A Pew Research Center survey conducted in June finds that roughly three-quarters of U.S. adults say it is very (37%) or somewhat (36%) likely that social media sites intentionally censor political viewpoints that they find objectionable. Just 25% believe this is not likely the case.

At this point, of course, it’s hard to see how this is even debatable. While “censor” is perhaps not the most accurate term to use here—given the word’s connotations of state intervention—it is apparent that social media firms, at the very leastlimit discussion and the reach of certain political viewpoints by banning certain users. These firms also openly admit to biasing readers against certain content through the use of “fact checkers.” Anecdotal evidence also strongly suggests that these social media firms also engage in tactics like “shadow banning,” which hides certain posts and content from certain users.

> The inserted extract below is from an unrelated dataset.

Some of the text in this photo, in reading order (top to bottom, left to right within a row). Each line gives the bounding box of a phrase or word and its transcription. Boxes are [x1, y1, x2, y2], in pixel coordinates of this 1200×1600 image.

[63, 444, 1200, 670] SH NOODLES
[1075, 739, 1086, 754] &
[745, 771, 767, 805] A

This is no haphazard or “neutral” bias, either. It is clear that the user bans and “fact checking” warnings against certain posts are designed to fall most often on groups that could be described as “conservative,” or “libertarian,” or which advocate in favor of Donald Trump and his allies.

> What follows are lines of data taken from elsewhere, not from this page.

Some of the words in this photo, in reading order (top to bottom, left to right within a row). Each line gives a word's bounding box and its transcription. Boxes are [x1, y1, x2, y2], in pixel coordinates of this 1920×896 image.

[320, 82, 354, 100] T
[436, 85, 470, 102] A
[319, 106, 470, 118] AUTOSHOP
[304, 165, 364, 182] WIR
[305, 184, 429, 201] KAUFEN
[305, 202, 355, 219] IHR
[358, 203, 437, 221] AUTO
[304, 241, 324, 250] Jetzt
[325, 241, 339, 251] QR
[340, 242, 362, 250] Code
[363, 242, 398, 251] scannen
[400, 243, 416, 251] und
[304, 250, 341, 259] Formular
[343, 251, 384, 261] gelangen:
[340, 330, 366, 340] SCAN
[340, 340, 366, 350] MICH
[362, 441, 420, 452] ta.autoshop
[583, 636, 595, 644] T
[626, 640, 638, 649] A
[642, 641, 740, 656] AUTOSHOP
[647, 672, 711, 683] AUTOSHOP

As far as media companies go, this is just par for the course. What is perhaps so unusual in this case is that so many self-identified conservatives and libertarians seem surprised that things turned out this way.

This may be due to the fact that many continue to believe the false notion that social media companies are a sort of “public utility.” The social media companies themselves promote this myth and like to give the impression that they are open forums facilitating open communication. In reality, the firms are essentially just media companies like CNN, NBC, or the New York Times. Like ordinary media companies they modify and promote content to reflect the firm’s preferences. This is clear every time a social media company intervenes to modify “trending topics” lists, or remove content altogether.  Consequently, the only meaningful difference between standard media companies and social media companies is that social media firms don’t produce their own content like ABC News or the Washington Post do. Rather, social media companies have convinced their users to produce all the content. The social media companies then reap the rewards in terms of selling personal information to advertisers and curating user-produced content to suit the companies’ own vision and needs.

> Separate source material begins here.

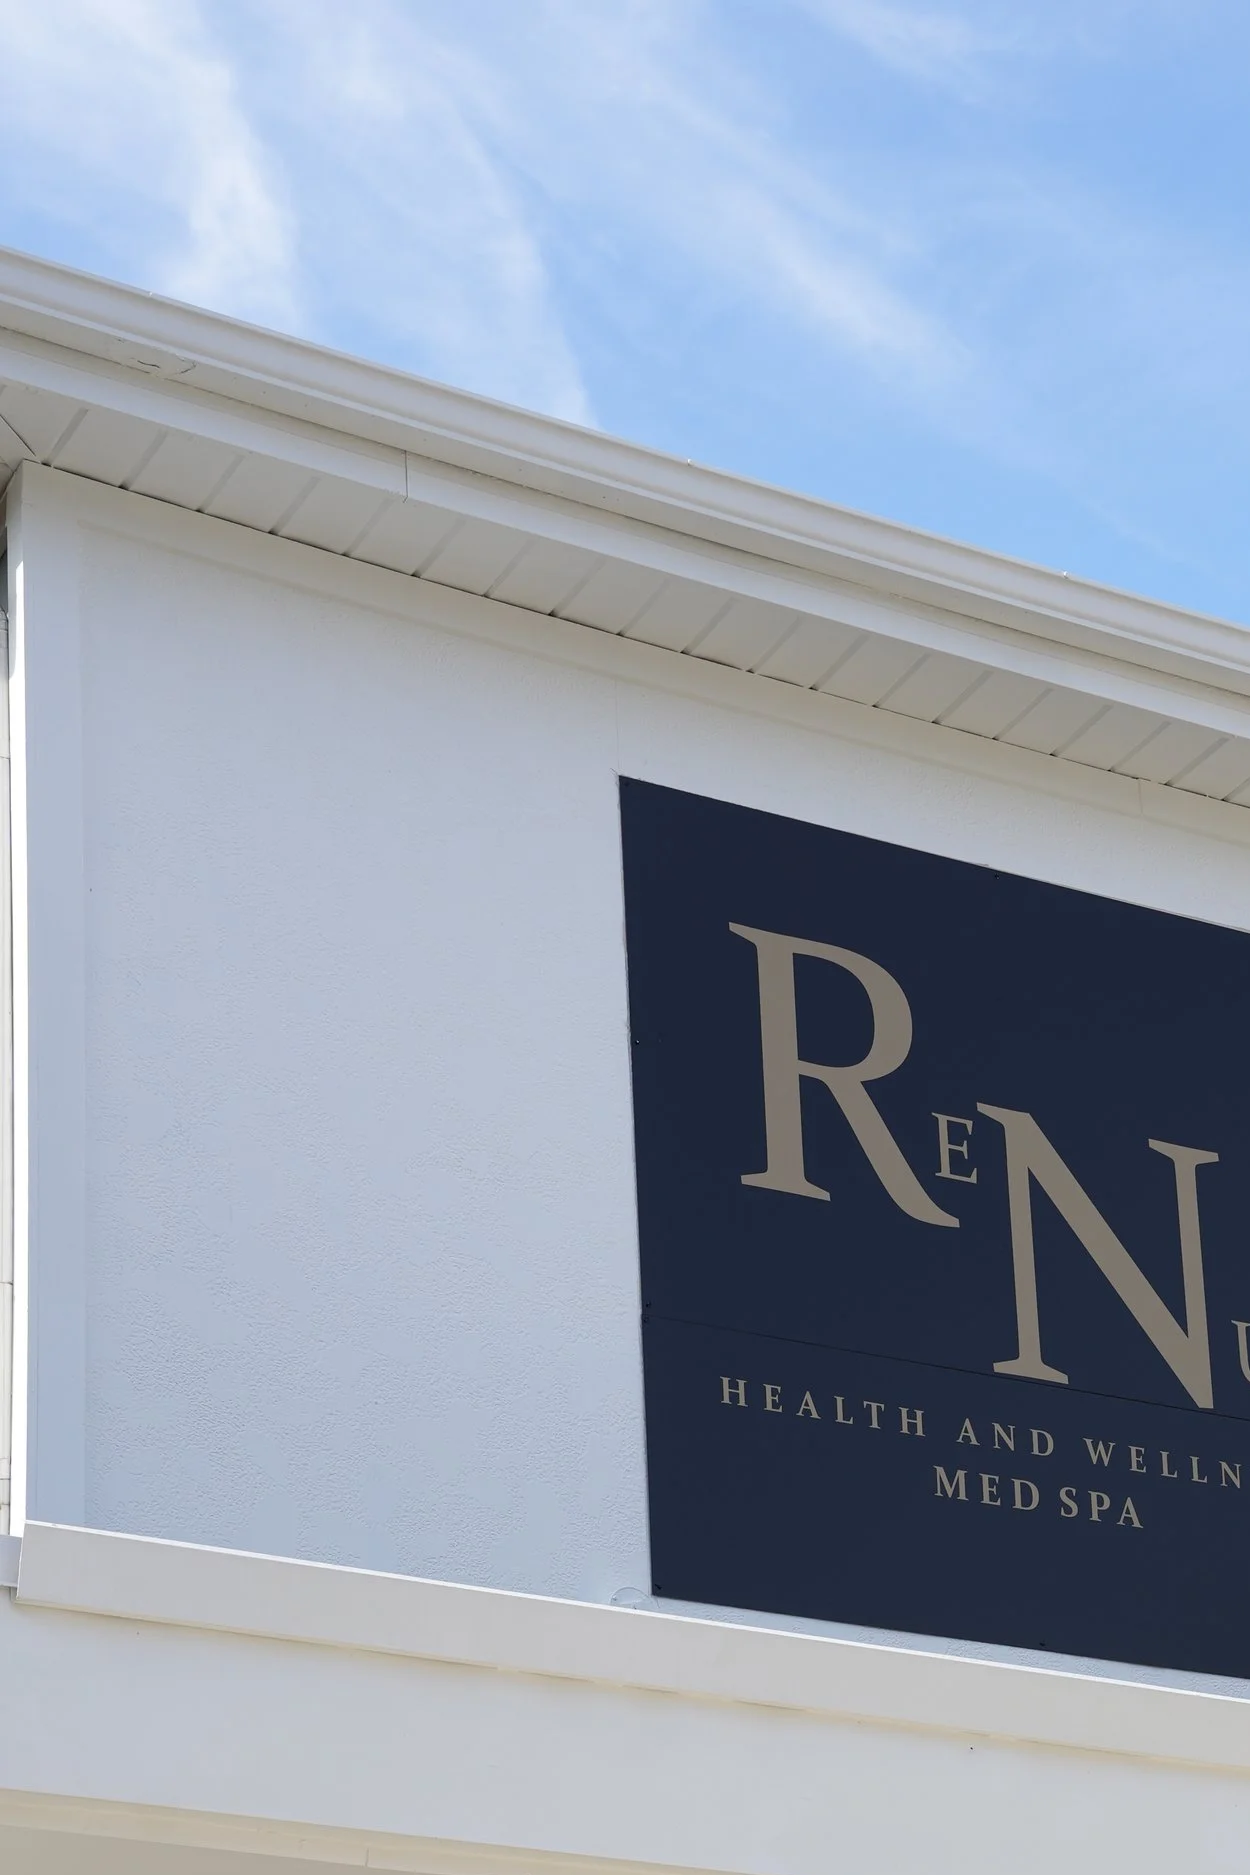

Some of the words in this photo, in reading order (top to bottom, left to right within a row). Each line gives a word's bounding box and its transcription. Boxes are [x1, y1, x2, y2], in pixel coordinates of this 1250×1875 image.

[720, 1375, 926, 1437] HEALTH
[956, 1417, 1055, 1458] AND
[933, 1465, 1041, 1513] MED
[1059, 1487, 1144, 1530] SPA

Ultimately, the lesson to be learned here is that anyone who holds opinions outside a center-left or far left narrative should expect about as much “fairness” from social media firms as one might expect from CNN or NBC News. In other words, we should expect social media firms to ignore and marginalize the very same opinions and groups that have been ignored and marginalized by established media companies for decades.

This also means that organizations, writers, and publishers of these verboten opinions must do what they’ve always done: create their own publications and find effective methods of disseminating their content outside the control of establishment gatekeepers.

A Brief History of Media Bias

More seasoned observers of media behavior, of course, aren’t surprised or shocked when they hear that social media companies have taken steps to constrain the parameters of acceptable debate or silence certain voices.

The establishment media, its reporters, and its editors have viewed this kind of “censorship” as both necessary and laudable since at least the early twentieth century. It was at that time that American progressives began to make headway with the idea that journalists should act as gatekeepers of truth and that “the press” should determine for itself what it was that people ought to be allowed to read and know.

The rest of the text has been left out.